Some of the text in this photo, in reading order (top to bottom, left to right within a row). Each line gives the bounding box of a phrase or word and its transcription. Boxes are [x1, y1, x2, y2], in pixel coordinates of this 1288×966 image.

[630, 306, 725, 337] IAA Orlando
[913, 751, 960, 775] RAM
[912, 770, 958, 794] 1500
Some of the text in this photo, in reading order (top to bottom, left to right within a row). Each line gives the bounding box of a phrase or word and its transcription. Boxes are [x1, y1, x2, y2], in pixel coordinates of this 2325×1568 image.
▬▬▬▬▬▬
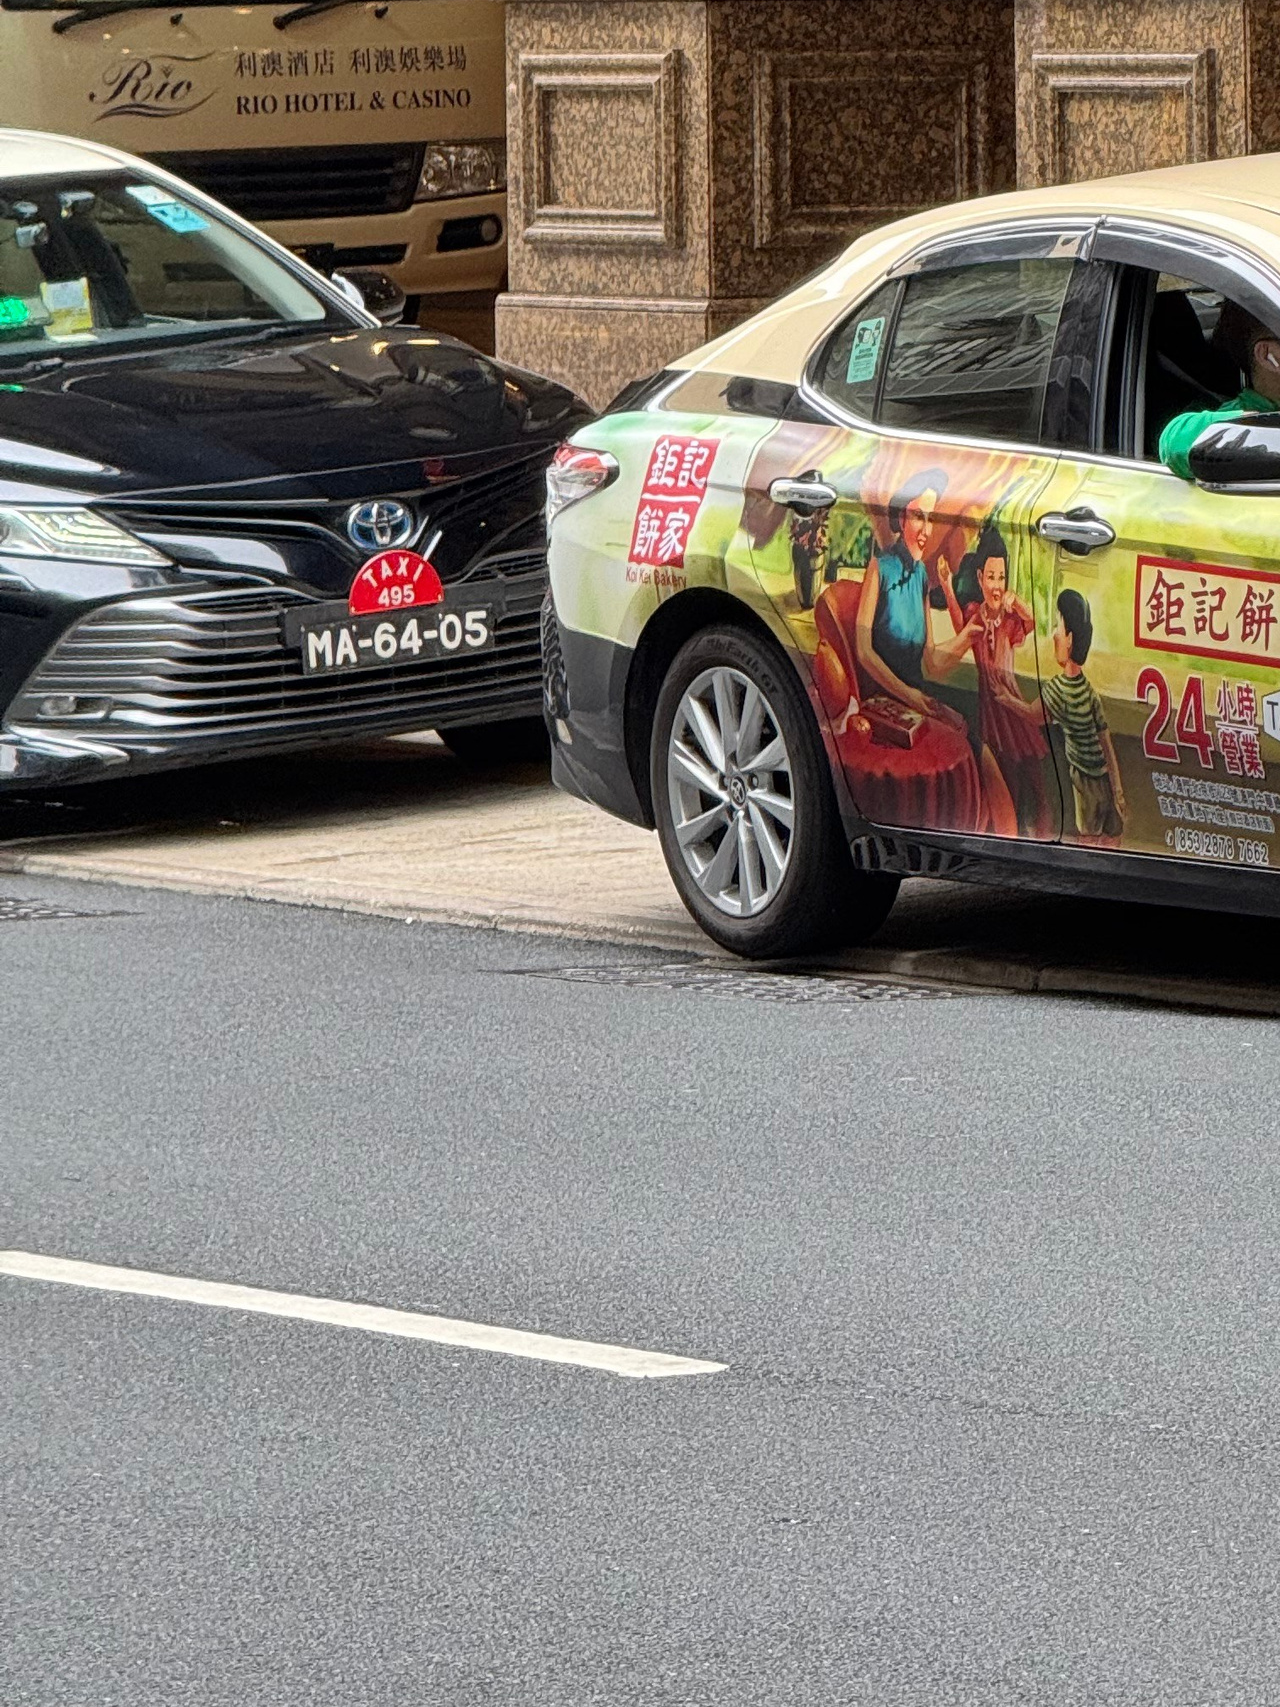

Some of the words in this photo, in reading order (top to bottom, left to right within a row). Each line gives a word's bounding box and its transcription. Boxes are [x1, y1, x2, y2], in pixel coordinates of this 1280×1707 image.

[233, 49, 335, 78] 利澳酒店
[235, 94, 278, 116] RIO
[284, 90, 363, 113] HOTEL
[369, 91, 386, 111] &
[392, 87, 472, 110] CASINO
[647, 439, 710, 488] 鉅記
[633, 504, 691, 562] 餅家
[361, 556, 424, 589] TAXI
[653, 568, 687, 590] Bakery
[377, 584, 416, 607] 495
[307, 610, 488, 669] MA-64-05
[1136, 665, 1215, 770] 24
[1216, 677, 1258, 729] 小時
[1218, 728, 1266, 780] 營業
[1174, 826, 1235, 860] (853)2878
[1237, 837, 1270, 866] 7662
▬▬▬▬▬▬
INSTRUCTIONS TO FOLLOW:
In the listing above, locate the line with "this 1288×966 image." and the line with "this 2325×1568 image.", then extract exactly those lines and every line between them, and nothing more.

OUTPUT OF THE EXERCISE:
Some of the text in this photo, in reading order (top to bottom, left to right within a row). Each line gives the bounding box of a phrase or word and its transcription. Boxes are [x1, y1, x2, y2], in pixel coordinates of this 1288×966 image.

[630, 306, 725, 337] IAA Orlando
[913, 751, 960, 775] RAM
[912, 770, 958, 794] 1500
Some of the text in this photo, in reading order (top to bottom, left to right within a row). Each line gives the bounding box of a phrase or word and its transcription. Boxes are [x1, y1, x2, y2], in pixel coordinates of this 2325×1568 image.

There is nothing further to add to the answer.